Pathogenic and opportunistic free-living amoebae such as Acanthamoeba spp., Balamuthia mandrillaris and Naegleria fowleri are aerobic, mitochondriate, eukaryotic organisms that occur worldwide and can potentially cause infections in humans and other animals. They are ubiquitous in soil and water resources, aquatic environments, ponds, hot springs, swimming pools, domestic sewage, air, air conditioning chambers, sediments, stagnant water, artificial humanmade creatures, and can infect human and animals (1). These amoebae use bacteria, yeasts, and other organisms as food sources. Unlike real parasites, pathogenic free living amoebae can complete their life cycle without entering the human and animal host body in the environment. An increasing number of people with immunodeficiency diseases, including AIDS treating the patients with corticosteroids or people undergoing chemotherapy, are at increased risk of developing amoebae (2, 3).
In many parts of the world, the pathogenicity of these amoeba has been considered and many studies done on epidemiology and genotyping. Amoebic diseases are challenging to diagnose, which cause delayed diagnosis and cure, and results in a high rate of mortality. Considering those facts, there is an urgent nicissity to pay more attention to this type of diseases.

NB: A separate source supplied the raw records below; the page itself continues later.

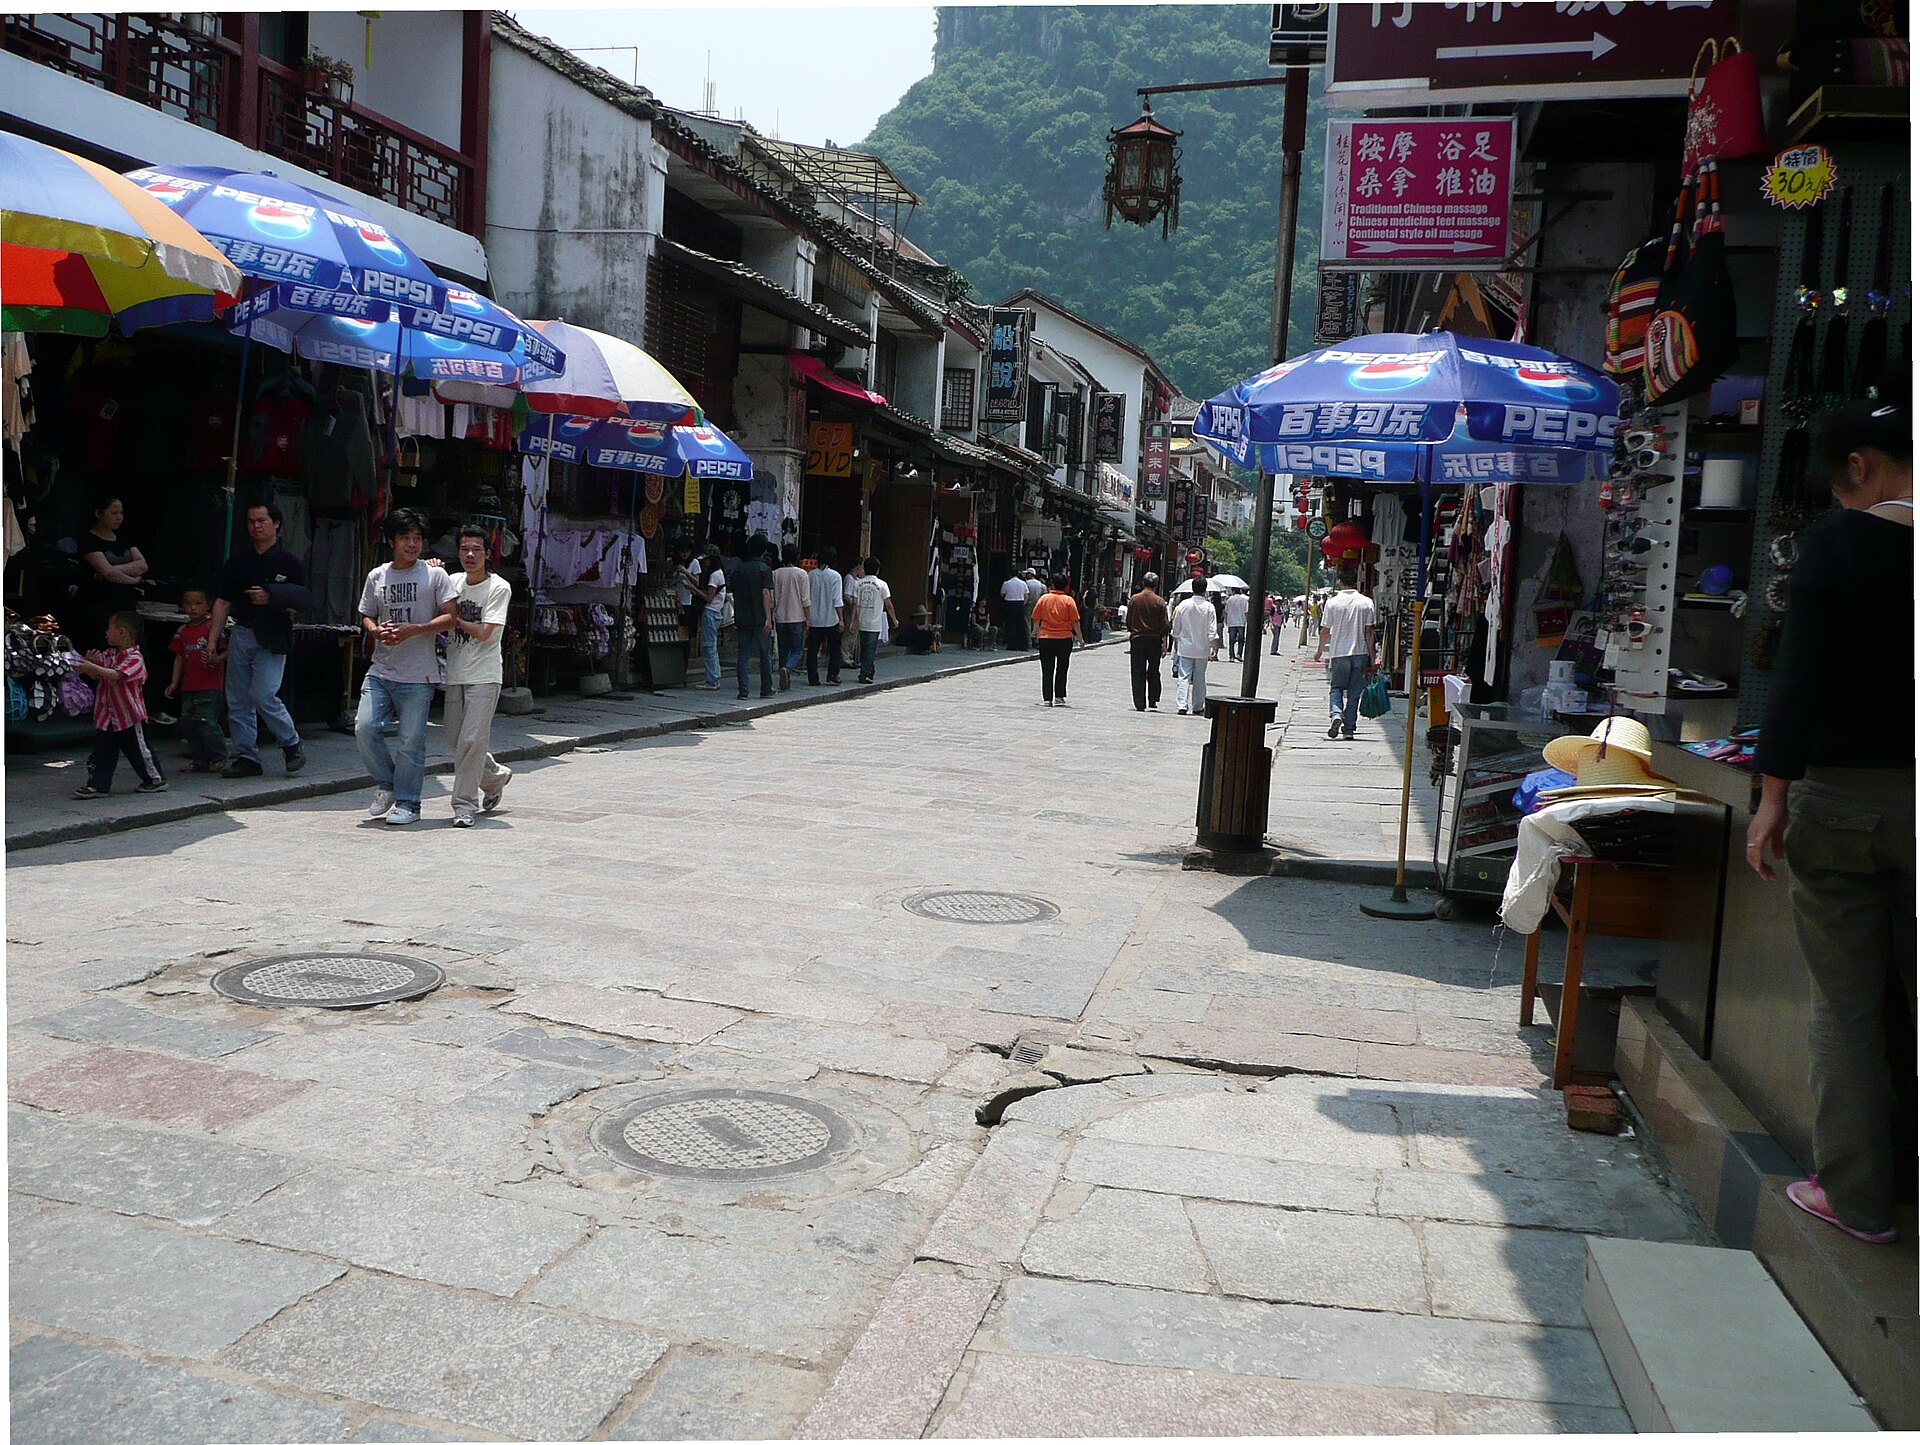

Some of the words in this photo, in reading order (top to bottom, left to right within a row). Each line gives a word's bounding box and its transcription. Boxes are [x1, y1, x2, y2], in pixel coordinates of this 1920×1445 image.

[1437, 131, 1498, 162] 浴足
[1435, 167, 1496, 197] 推油
[212, 185, 318, 218] PEPSI
[1350, 203, 1401, 214] Traditional
[1404, 203, 1442, 214] Chinese
[1444, 204, 1488, 215] massage
[1350, 215, 1388, 226] Chinese
[1390, 215, 1434, 226] medicine
[1457, 216, 1501, 227] massage
[1349, 228, 1398, 239] Continetal
[1400, 228, 1423, 239] style
[1425, 228, 1438, 239] oil
[1439, 228, 1483, 239] massage
[364, 269, 432, 305] PEPSI
[290, 285, 371, 316] 百事可乐
[412, 308, 502, 346] PEPSI
[1315, 350, 1448, 365] PEPSI
[607, 416, 668, 430] PEPSI
[1278, 402, 1428, 436] 百事可乐
[529, 436, 576, 460] PEPSI
[815, 427, 845, 447] CD
[597, 448, 668, 471] 百事可乐
[696, 460, 742, 477] PEPSI
[806, 450, 850, 473] DVD
[1310, 522, 1325, 535] 茶
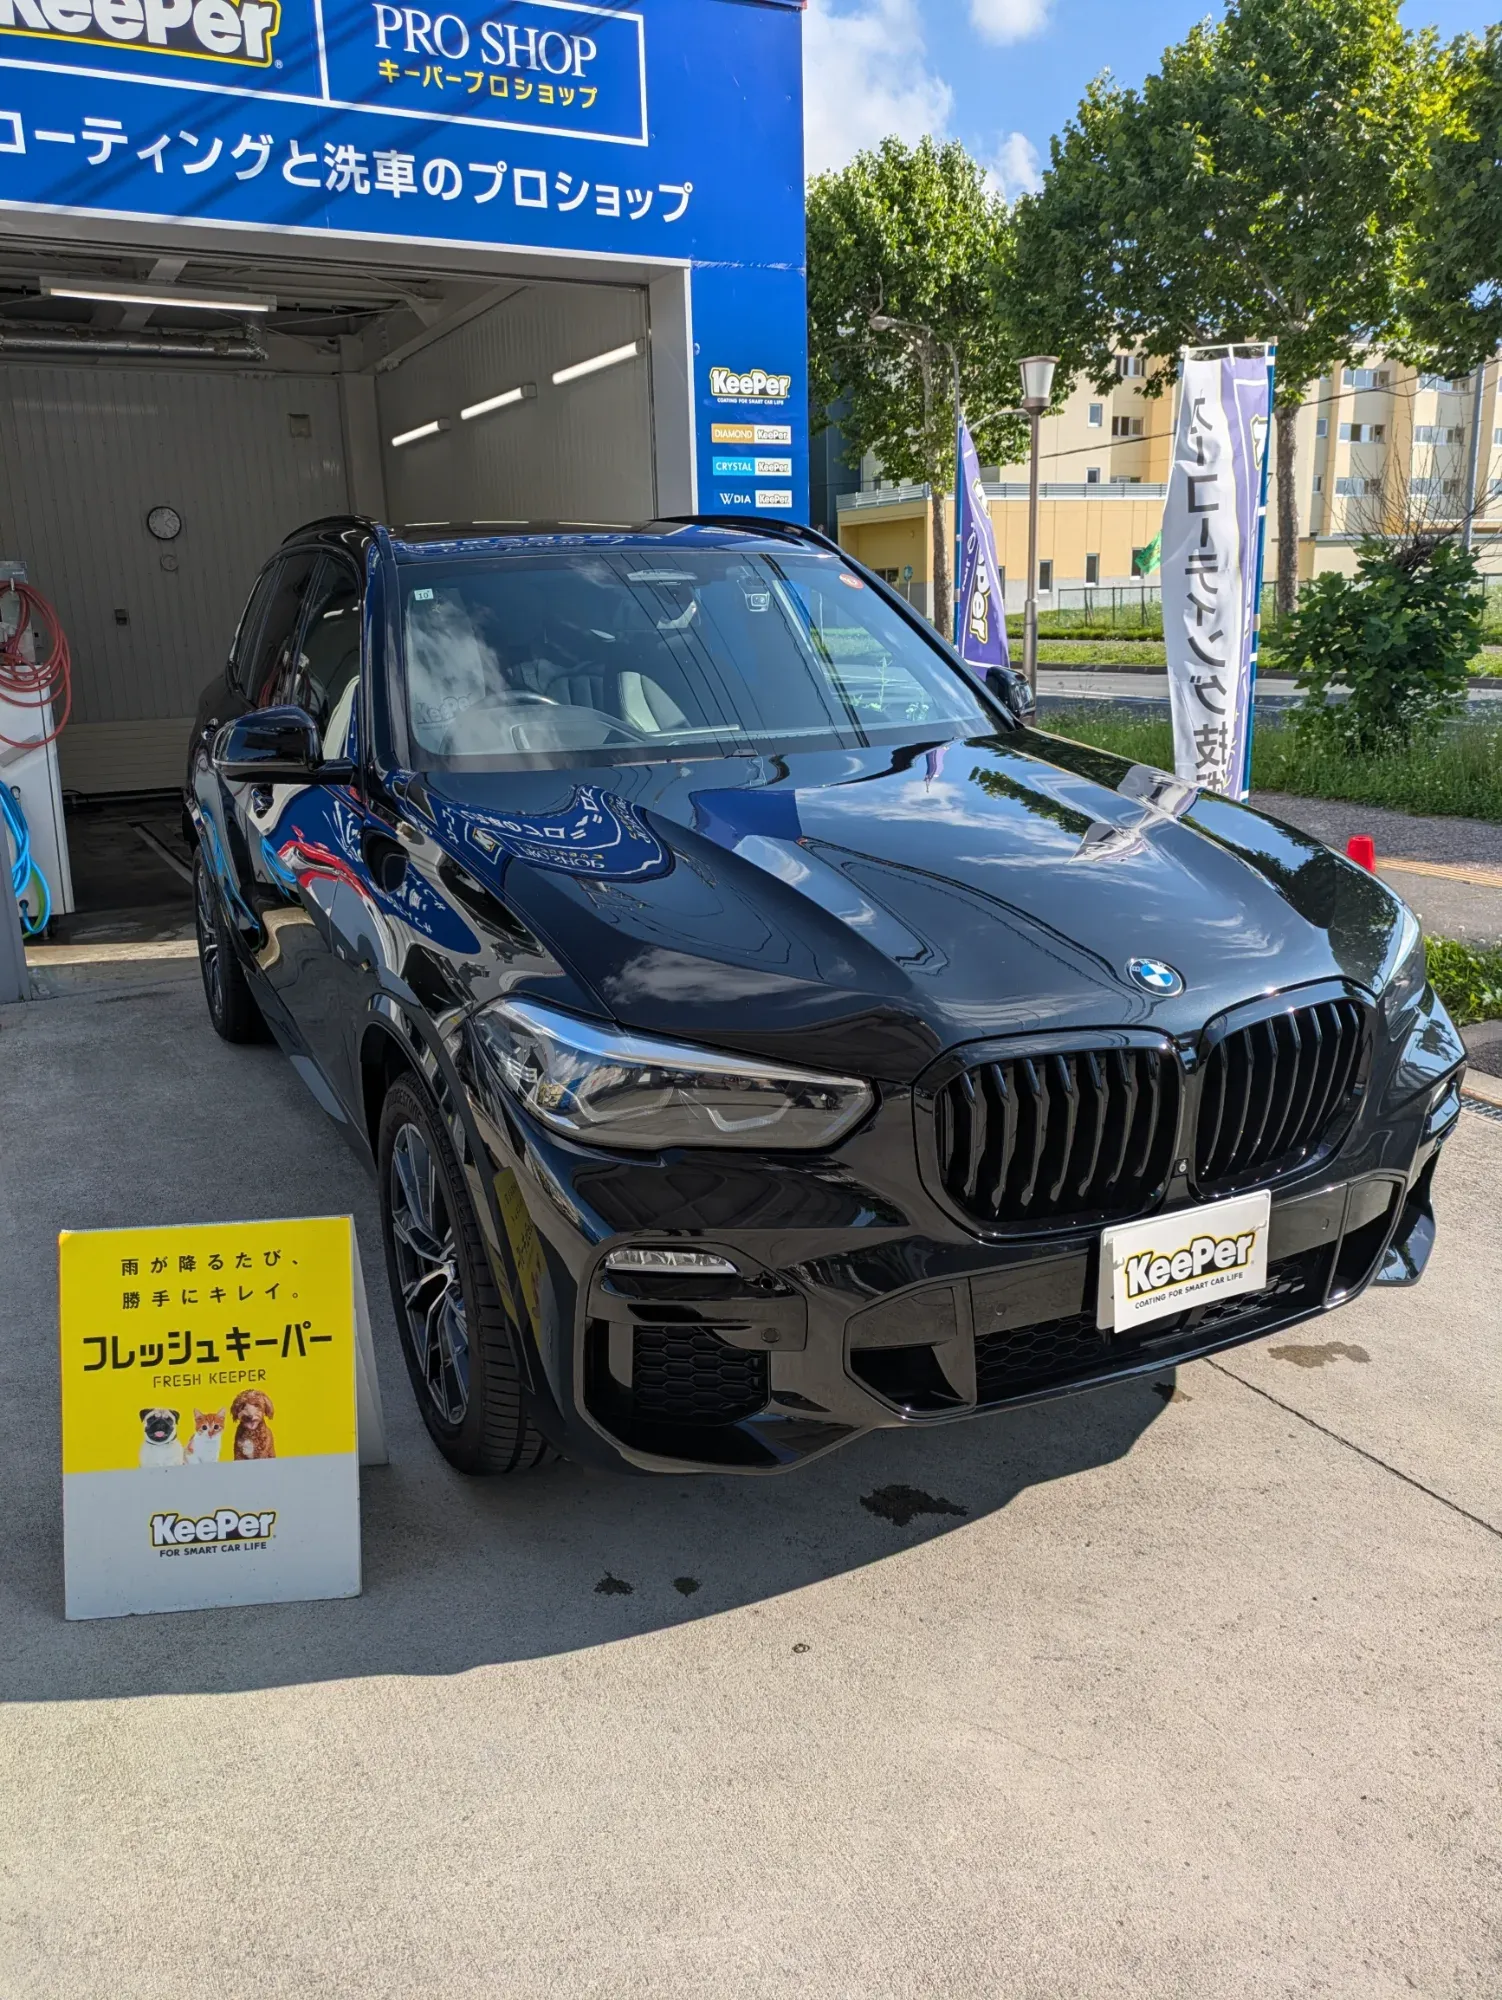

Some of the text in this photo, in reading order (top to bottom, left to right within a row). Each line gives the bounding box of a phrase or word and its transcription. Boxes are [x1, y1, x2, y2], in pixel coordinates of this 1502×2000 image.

Despite being a relatively rare disease in comparison with other forms of infectious diseases, Acanthamoeba has hygienic importance in developed and developing countries (4). In Turkey, environmental samples (100%), in USA 2454 tap water samples (51%), water supply in Osaka, Japan (19%), and in 40 water and sanitation samples in Tunisia Hospital (47.6%) Acanthamoeba was found. Also, 14 samples taken from swimming pools in Malaysia, were contaminated with Acanthamoeba (5-7).
In Iran, some studies carried out on water samples in different cities, including stagnant surface water of Qazvin city (43.8%), water resources of Bojnourd (68%), hot springs of Mazandaran province (40.9%), river waters of Tonekabon region (23%). Also, some investigations performed on the water samples of swimming pools and ponds in Sistan - Baluchistan squares (47.56%) and various results reported as mentioned here (8-11).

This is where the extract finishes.